Page 18 of Maybe This Time


  “He told me not to contact him unless it was an emergency,” the nanny said, looking equal parts outraged and thrilled to be there. “When I told him there was something in the house, he sent the police to investigate. Of course they couldn’t find anything. The place is haunted.”

  The picture shifted back to Kelly, standing in what North now recognized as the Great Hall at Archer House.

  “Something . . .” Kelly whispered, her eyes glassy, “is very wrong . . . in this old house . . . These children . . . are in danger . . . and their guardian . . . a man of immense wealth and stature . . . does not care!” Her face grew larger as she stepped closer to the camera, her pupils dilated so that her eyes looked black. “Are you watching . . . North Archer?”

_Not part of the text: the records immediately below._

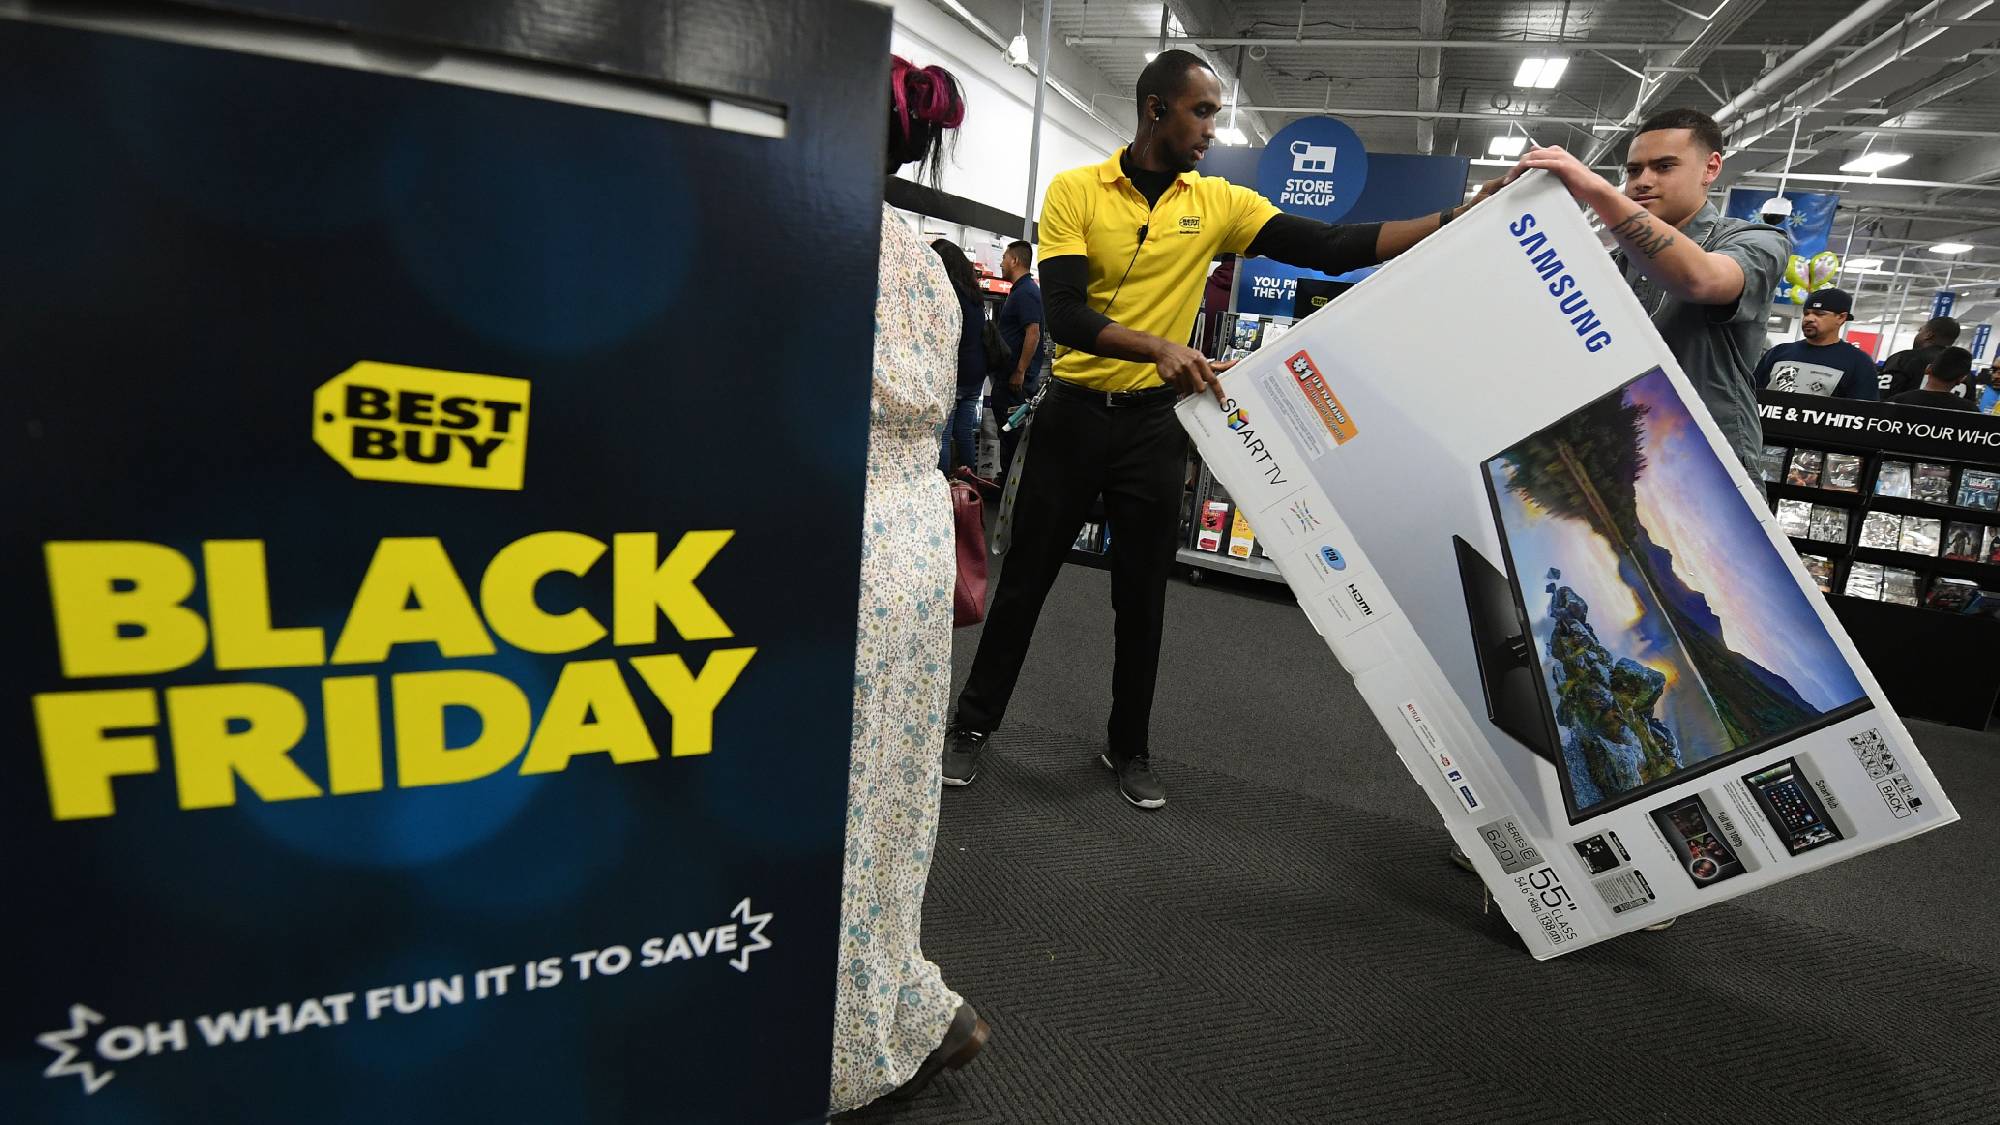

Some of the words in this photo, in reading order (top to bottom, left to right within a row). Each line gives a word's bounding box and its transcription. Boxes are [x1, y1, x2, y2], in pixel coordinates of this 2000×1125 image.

[1280, 192, 1336, 206] PICKUP
[1285, 178, 1334, 194] STORE
[1252, 286, 1286, 299] THEY
[1254, 276, 1281, 288] YOU
[1283, 279, 1298, 290] PI
[1509, 213, 1612, 353] SAMSUNG
[1291, 356, 1314, 381] #1
[344, 384, 523, 435] BEST
[1326, 398, 1346, 424] BRAND
[1784, 407, 1799, 422] &
[1801, 409, 1826, 425] TV
[1824, 412, 1865, 430] HITS
[1866, 417, 1903, 434] FOR
[1906, 422, 1954, 441] YOUR
[351, 425, 506, 469] BUY
[1322, 548, 1339, 563] 120
[44, 530, 737, 679] BLACK
[1347, 583, 1374, 617] HDMI
[1405, 702, 1423, 724] NETFLIX
[33, 646, 759, 821] FRIDAY
[1882, 784, 1905, 814] BACK
[1486, 829, 1518, 867] 6201
[1504, 821, 1528, 849] SERIES
[1551, 908, 1578, 940] CLASS
[98, 1018, 188, 1061] OH
[197, 993, 355, 1048] WHAT
[365, 974, 465, 1020] FUN
[476, 964, 515, 1000] IT
[526, 957, 563, 990] IS
[572, 945, 631, 981] TO
[640, 924, 739, 967] SAVE

  She lifted her chin, defiant, and North said, “Look at her eyes. She’s stoned.”

  Kelly stepped back. “Tune in tomorrow, Columbus . . . I’ll have interviews . . . with the children . . . and proof of their neglect . . . at the hands of their newest nanny . . .”

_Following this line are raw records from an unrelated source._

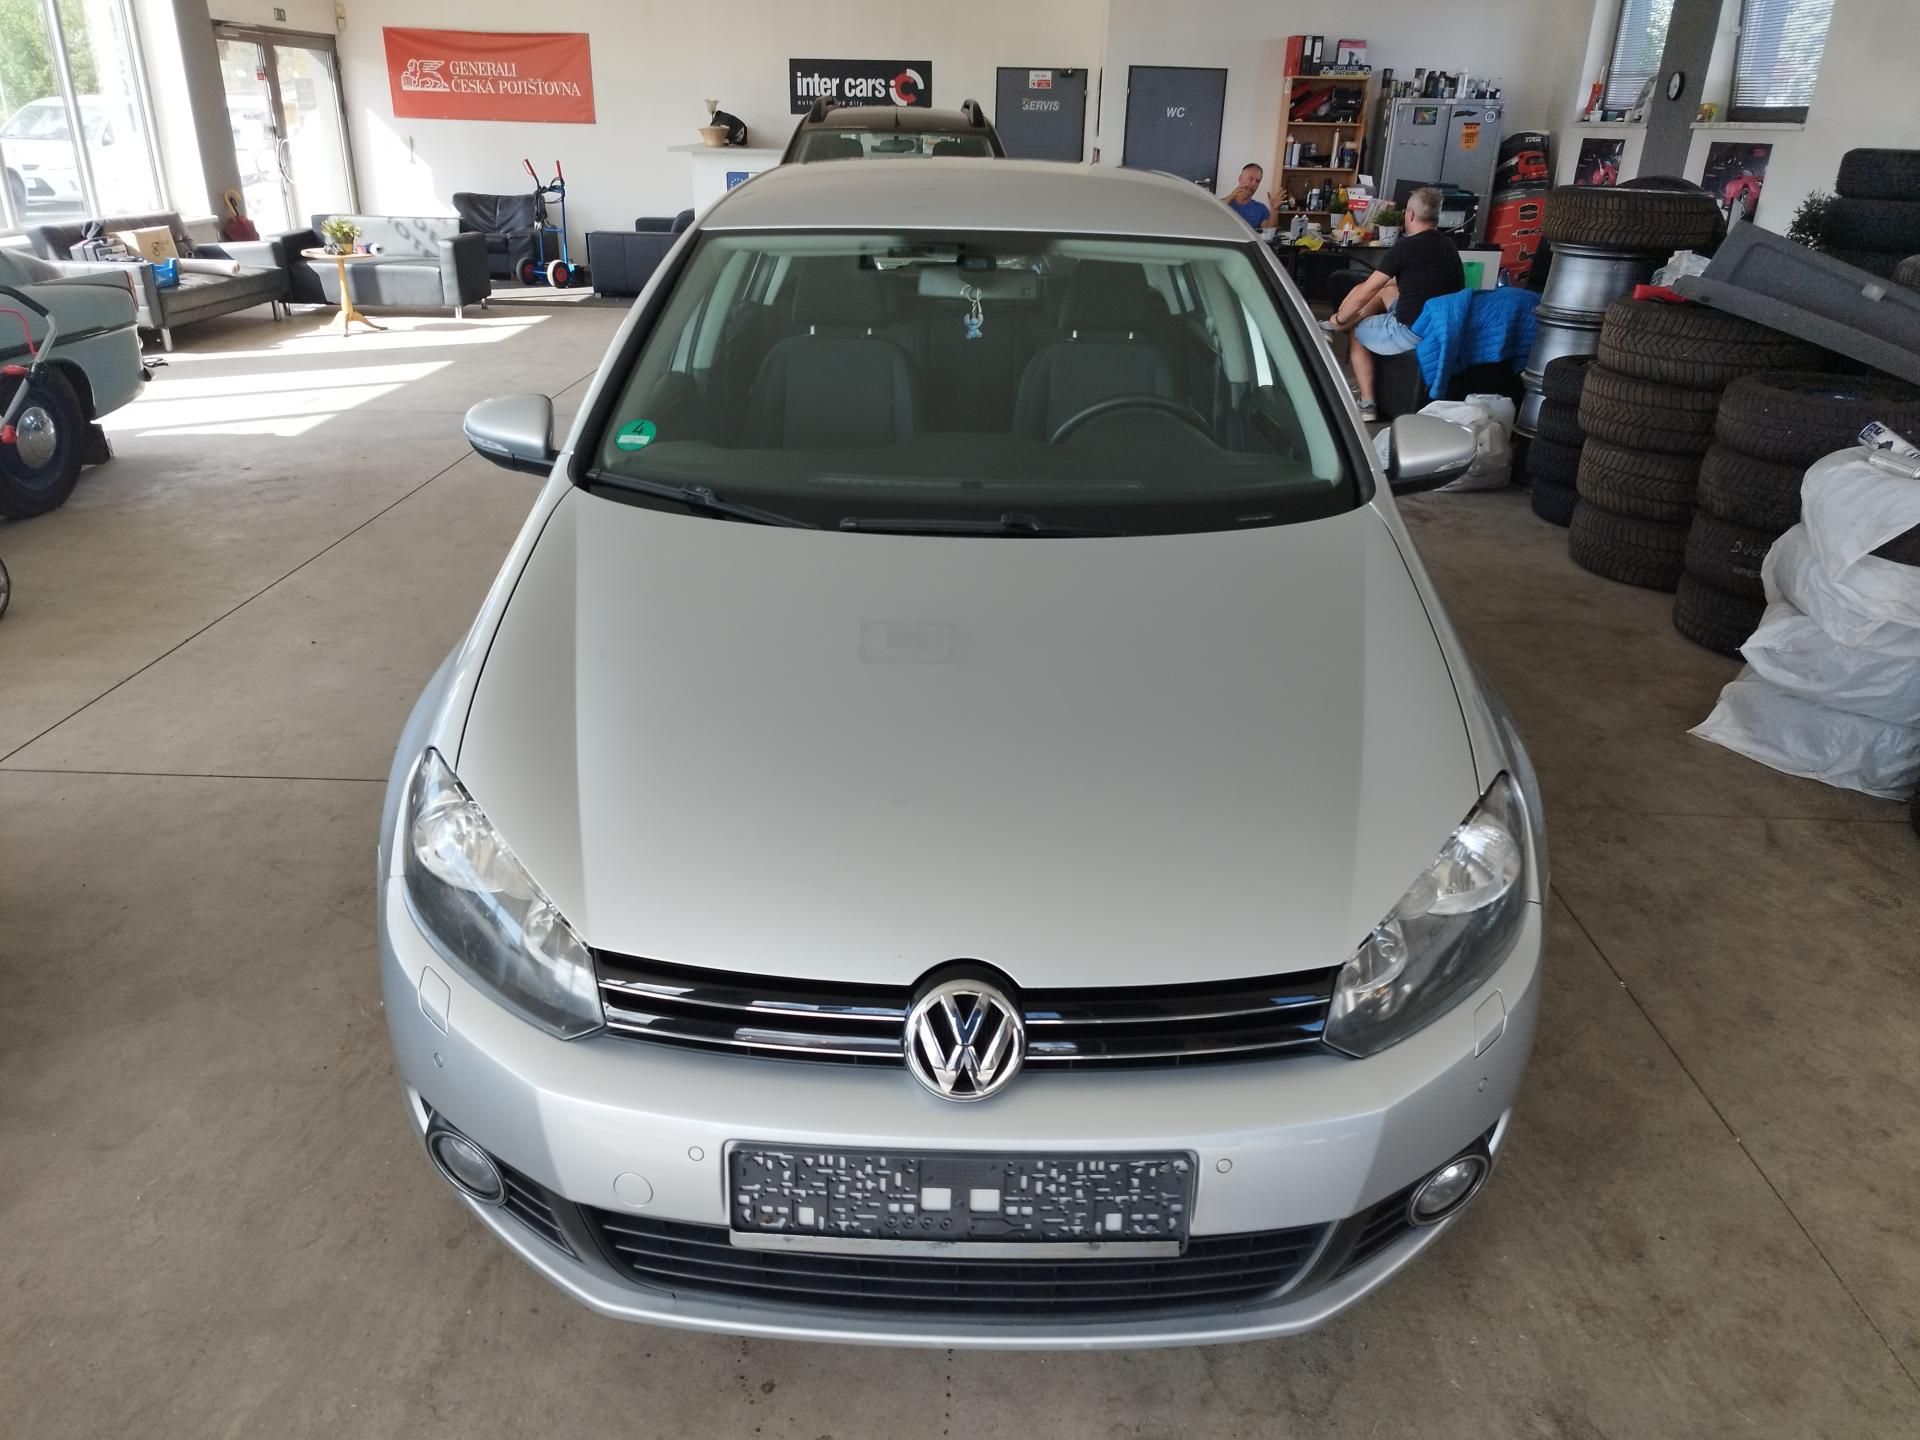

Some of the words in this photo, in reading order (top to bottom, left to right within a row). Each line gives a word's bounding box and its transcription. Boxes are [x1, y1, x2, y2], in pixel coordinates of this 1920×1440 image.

[450, 61, 517, 77] GENERALI
[451, 76, 495, 94] ČESKÁ
[499, 78, 582, 97] POJIŠŤOVNA
[796, 71, 840, 97] inter
[844, 77, 886, 98] cars
[1022, 100, 1060, 111] SERVIS
[1166, 106, 1187, 118] WC
[631, 420, 645, 436] 4

  North got up and went around to sit on the desk, his arms folded.

  “. . . North Archer’s ex-wife.”

  You’re done, O’Keefe, North thought grimly.

  “. . . much more about . . . the Orphans of Archer House!”

  Lydia clicked off the TV with the remote. “I’m having her killed, of course.” She turned back to North. “I know you can take care of yourself, but that kind of thing does us no good.”

  North picked up the phone and punched in the number for Archer House.

  “What are you doing?” Lydia snapped.

  The phone rang and he got a recording claiming a disruption of service. Was O’Keefe crazy enough to cut the phone lines?

  “North, pay attention. If you don’t care about what she’s doing to you, think about your brother. She’s got him alone down there, duping him because I’m damn sure he’d never let her say that about you.”

  North put the phone down. “First, Sullivan is not stupid so you can stop treating him as if he’s ten. Second, she doesn’t have him alone down there. I sent Andie, remember.”

  Lydia turned back to the TV, punched the eject button, and took out the tape. “Get your coat. I don’t know the way to the house, so you’ll have to come with me.”

  “No.” I can do more damage to her up here.

  “North, your brother and a predatory news reporter are in a house in the middle of nowhere with two disturbed orphans and your ex-wife who is not a patient woman.” Lydia put the tape in her purse. “Imagine the possibilities.”

  North imagined them. The best was Andie strangling Kelly O’Keefe with videotape. The worst was O’Keefe finding out that Andie thought the house was haunted and was sending him after bodies in Britain.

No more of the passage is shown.